I'm currently working on Pligg CMS-based website and its default Image Upload Module which attaches thumbnails to posts from user provided links is using PHP's GD library for image processing. The thumbnails resulted have a reduced quality and after a little bit of web search I found that I should replace the imagecopyresized
function with imagecopyresampled
.
The main problem is I am a rookie in web development and I don't know where to start.
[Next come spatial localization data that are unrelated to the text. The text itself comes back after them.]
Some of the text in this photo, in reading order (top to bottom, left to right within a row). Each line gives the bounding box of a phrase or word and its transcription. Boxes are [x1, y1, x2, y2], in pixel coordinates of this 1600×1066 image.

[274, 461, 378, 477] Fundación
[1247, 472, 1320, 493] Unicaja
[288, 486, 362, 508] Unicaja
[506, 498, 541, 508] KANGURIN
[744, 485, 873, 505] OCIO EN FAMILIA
The chunk of code I think (thus maybe wrong) is responsible for the image processing and needs to be edited is the following:
// create a new temporary image
$tmp_img = imagecreatetruecolor( $new_width, $new_height );
// copy and resize old image into new image
while (file_exists("$thumb_dir/$name$i.jpg")) $i++;
$name = "$name$i.jpg";
imagecopyresized( $tmp_img, $img, 0, 0, 0, 0, $new_width, $new_height, $width, $height );
if (!imagejpeg( $tmp_img, "$thumb_dir/$name",$settings['quality'] ))
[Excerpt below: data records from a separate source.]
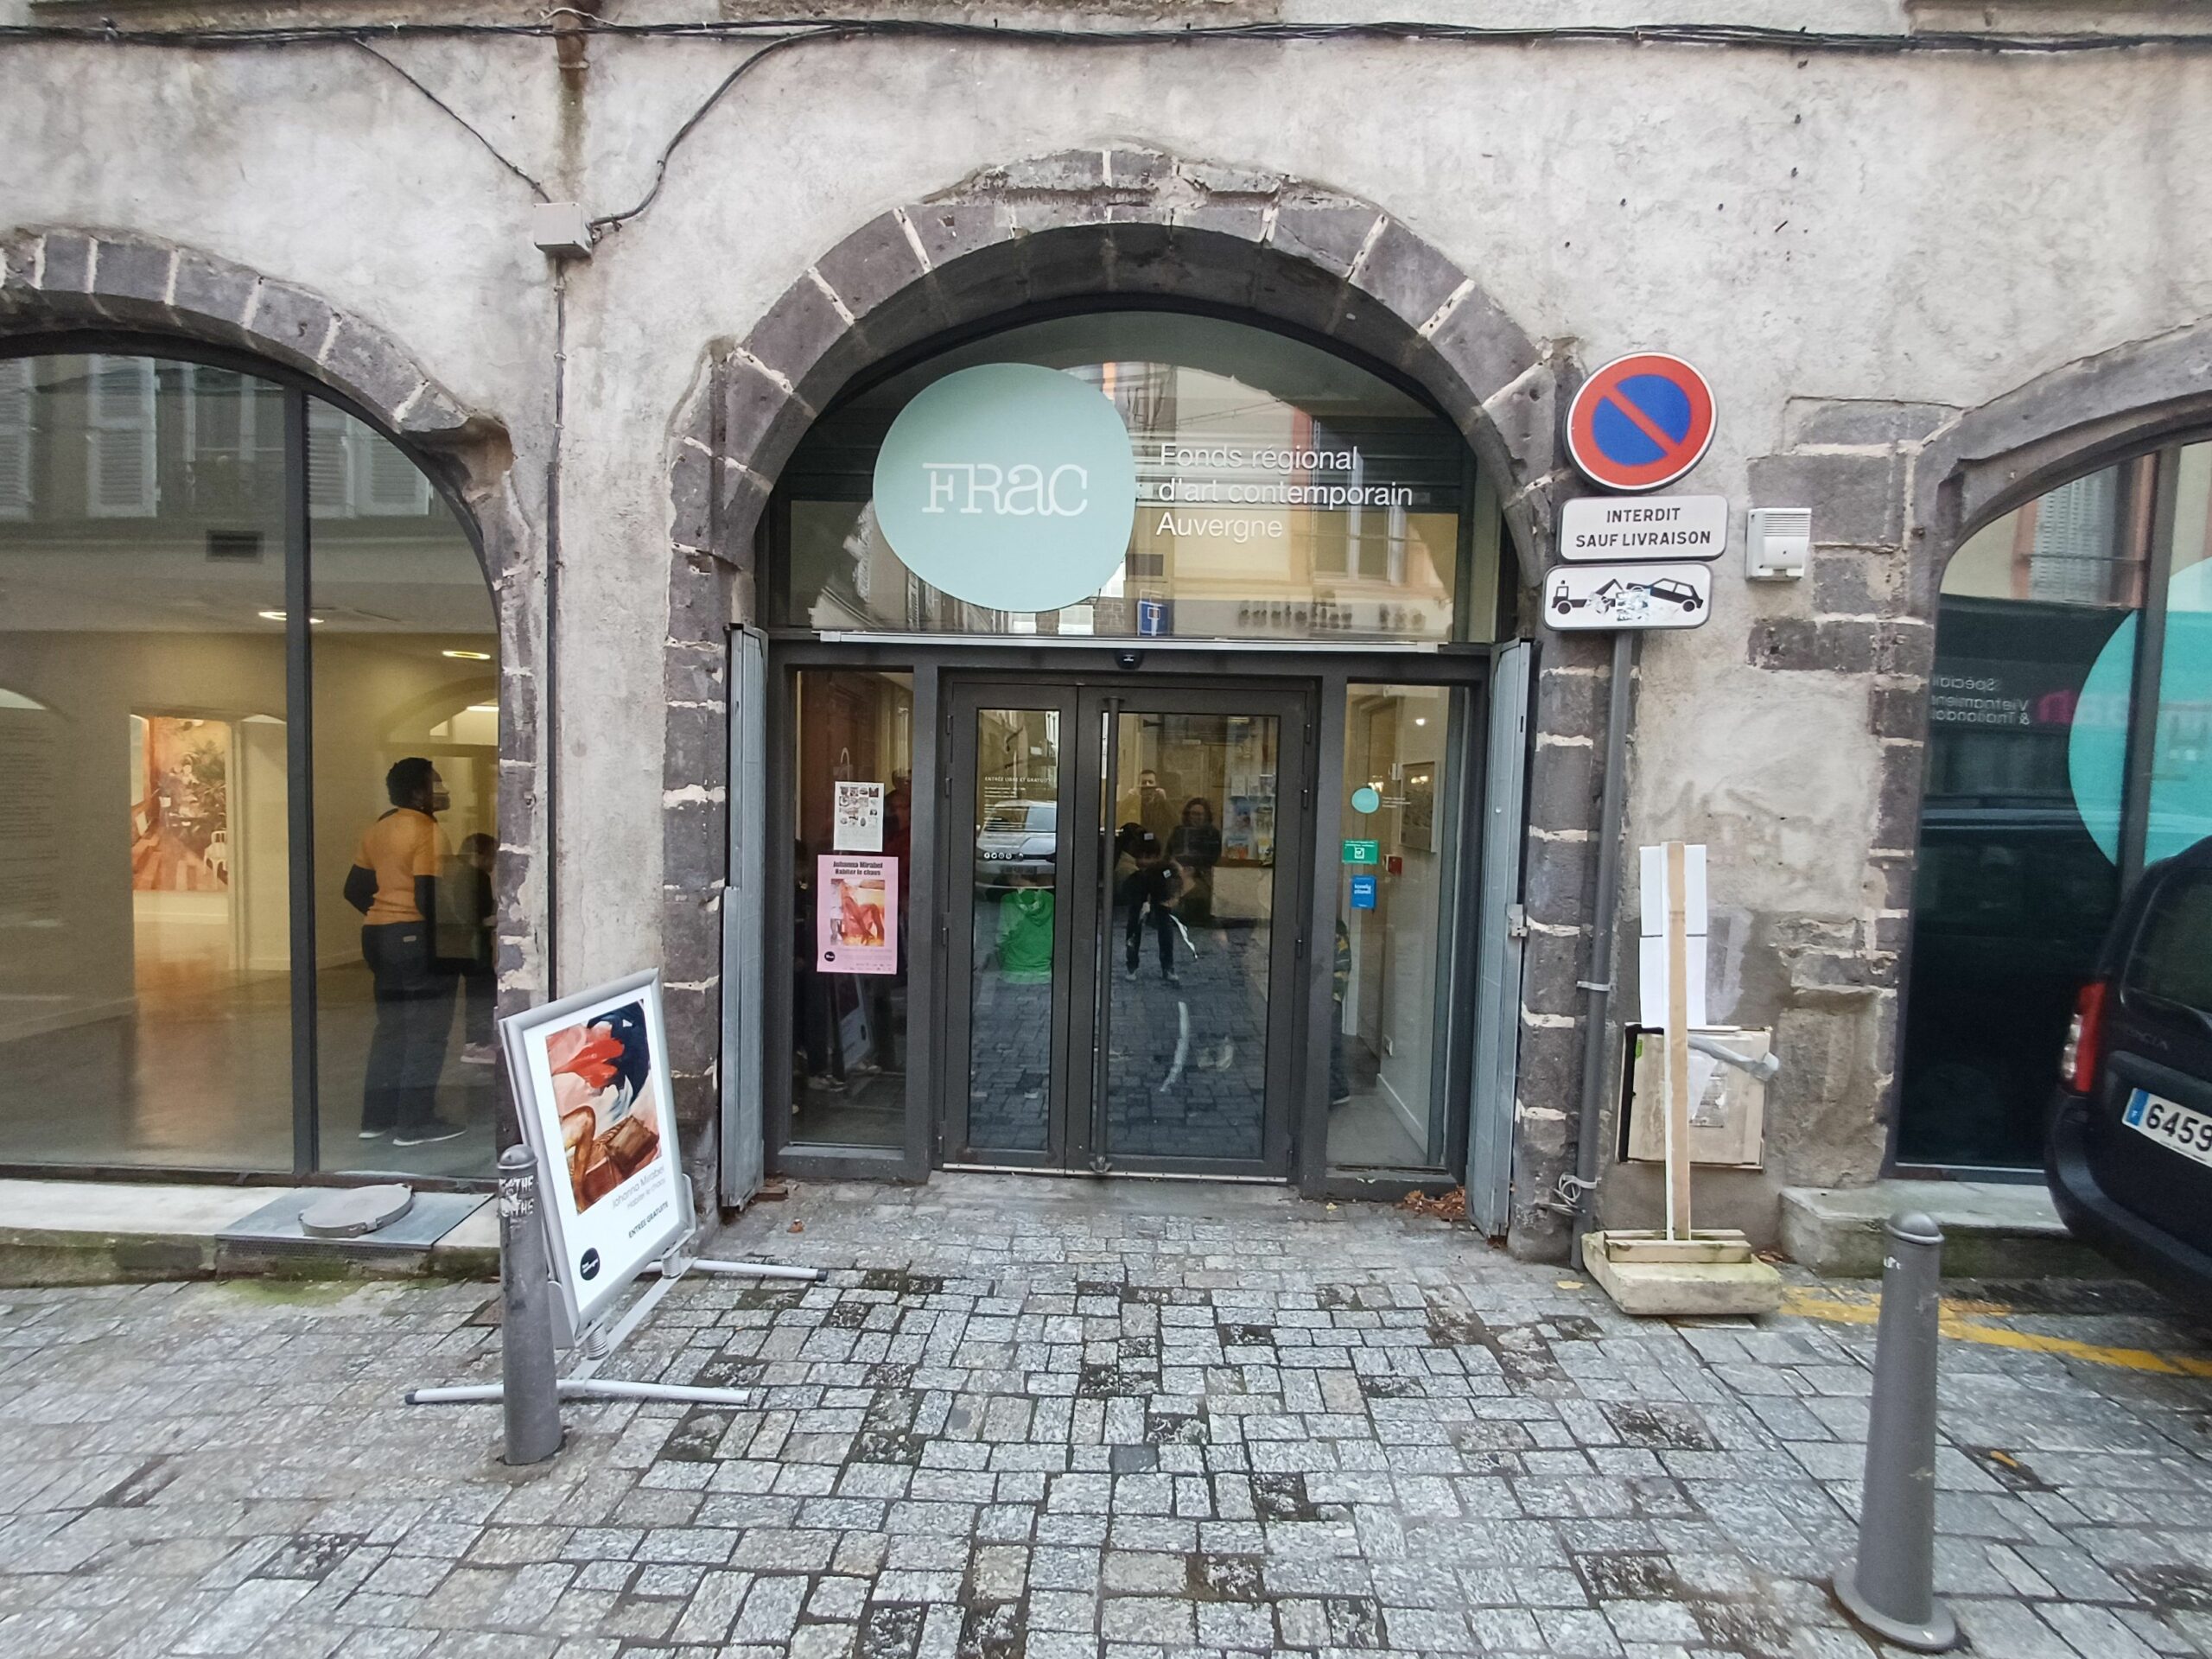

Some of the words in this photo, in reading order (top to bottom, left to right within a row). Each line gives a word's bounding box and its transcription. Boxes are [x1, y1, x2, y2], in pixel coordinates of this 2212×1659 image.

[1160, 443, 1243, 468] Fonds
[1251, 445, 1357, 474] régional
[1158, 477, 1218, 503] d'art
[1227, 480, 1414, 511] contemporain
[1155, 512, 1283, 543] Auvergne
[1606, 507, 1681, 524] INTERDIT
[1575, 533, 1619, 548] SAUF
[1622, 531, 1711, 547] LIVRAISON
[2145, 1103, 2212, 1153] 6459
$error .= "Can't create thumbnail $thumb_dir/$name";
else
$db->query("INSERT INTO ".table_prefix."files
SET file_size='$size',
file_orig_id='$orig_id',
file_user_id={$current_user->user_id},
file_link_id=$link_id,
file_ispicture=1,
file_comment_id='".$db->escape($_POST['comment'])."',
file_real_size='".filesize("$thumb_dir/$name")."',
file_name='".$db->escape($name)."'");
}
return $error;
From what I see, the image is first processed through the imagecreatruecolor
function into a new tmp_img
which is then processed through the imagecopyresized
function.
Since I don't have experience, I can't tell if this is the right path for an image of XY size to be resized without reducing its quality. Should I replace both imagecreatetruecolor
and imagecopyresized
with imagecopyresampled
?
imagecopyresized
and imagecopyresampled
have identical parameter requirements so you can simply change the function name in the following line:
imagecopyresized( $tmp_img, $img, 0, 0, 0, 0, $new_width, $new_height, $width, $height );
Everything else should stay the same.
Note that your code is vulnerable to SQL Injection. Read up on, and start using, prepared statements.